Rookies of Photography
Posted 02 February 2009 - 06:25 PM
Thanks for taking your time to read this, all the best Jay
Posted 02 February 2009 - 08:03 PM
the first advice I can give you is: take a camera and shoot, shoot, shoot. Because this way you can find out if that's really what you wanna do. Try to experiment with the camera and you will learn about its functions and and see how to use them in specific situations. Try as well to experiment with light, just to see how it affects the object(s) you lit and what kind of moods you can create by putting it at different angles. Walk around outside in the nature and keep your eyes open wherever you go. You always get in contact with any kind of light sources no matter if they're natural or artificial, indoors or outdoors. See how it forms the environment and how it shapes the look of things, people, whatever. You will get a feeling for it and it will help you to use it as a narrative tool.

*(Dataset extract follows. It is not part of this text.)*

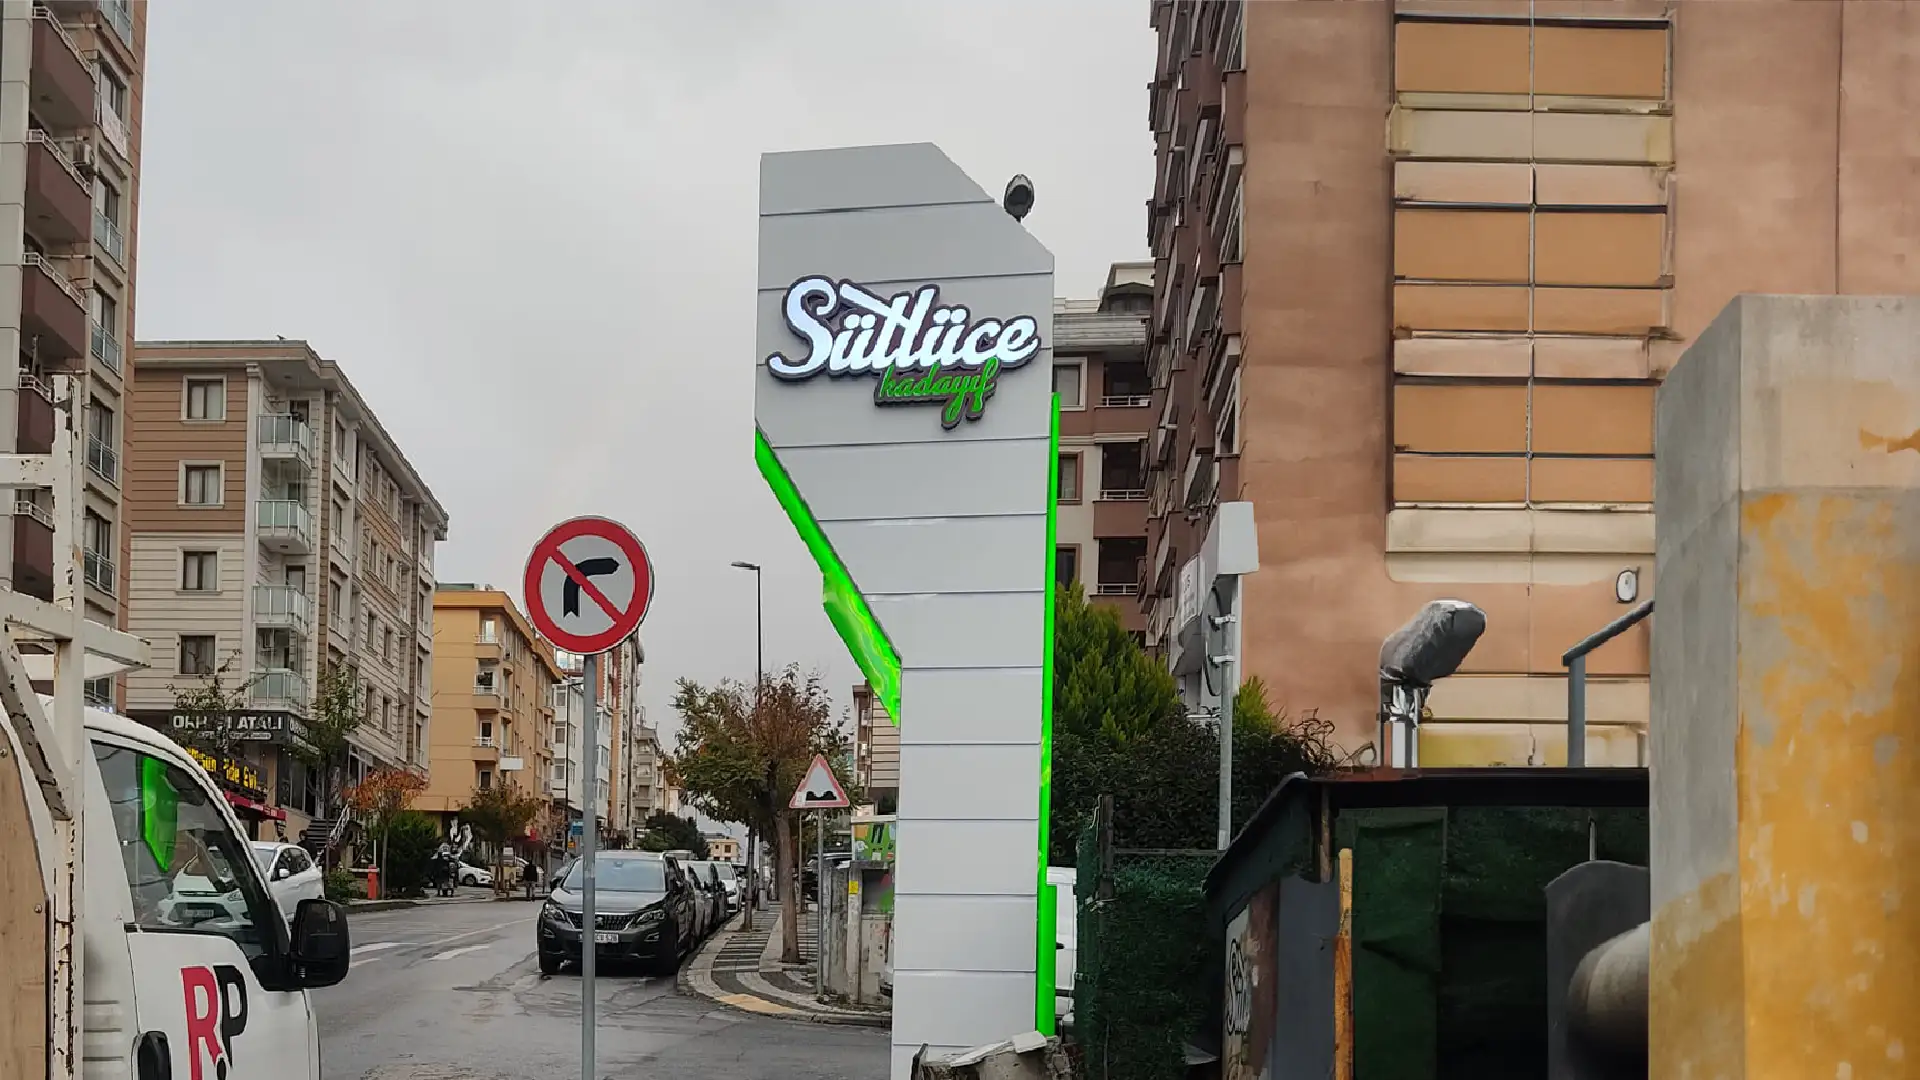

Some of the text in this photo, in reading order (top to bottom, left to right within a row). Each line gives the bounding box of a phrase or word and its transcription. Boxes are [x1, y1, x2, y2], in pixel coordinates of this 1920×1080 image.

[769, 278, 1039, 375] Sütlüce
[172, 715, 233, 730] ORH
[236, 716, 282, 730] ATALI

Take a look at paintings and study the way painters used light, colors and the image formation to tell a story. This can be a great source of inspiration (for example Claude Lorraine, Caspar David Friedrich, Jan Vermeer...). Try to study the works of great cinematographers as well. You will find a lot of movies mentioned here in this forum. For example take a look at the works of Vittorio Storaro (Apocalypse Now), Conrad Hall (Road to Perdition), Roger Deakins (The Asassination of Jesse James) or Sven Nykvist (if you are interetsed in B/W).
On the following adress you can find a lot of interviews with famous cinematographers wich is a useful source as well: http://www.cameraguild.com/
I hope I was able to help you a bit. I am a beginner as well, but there are lots of experienced guys around here I am sure they can help you a bit more.
Posted 03 February 2009 - 04:03 AM
I can recommend to you "Perfect Exposure" by Frances Schultz and Roger Hicks. Perhaps pick up a few issues of American Cinematographer (eBay or the AC website) - they give you a good idea of what happens on hollywood sets, a bit more in-depth than DVD extras.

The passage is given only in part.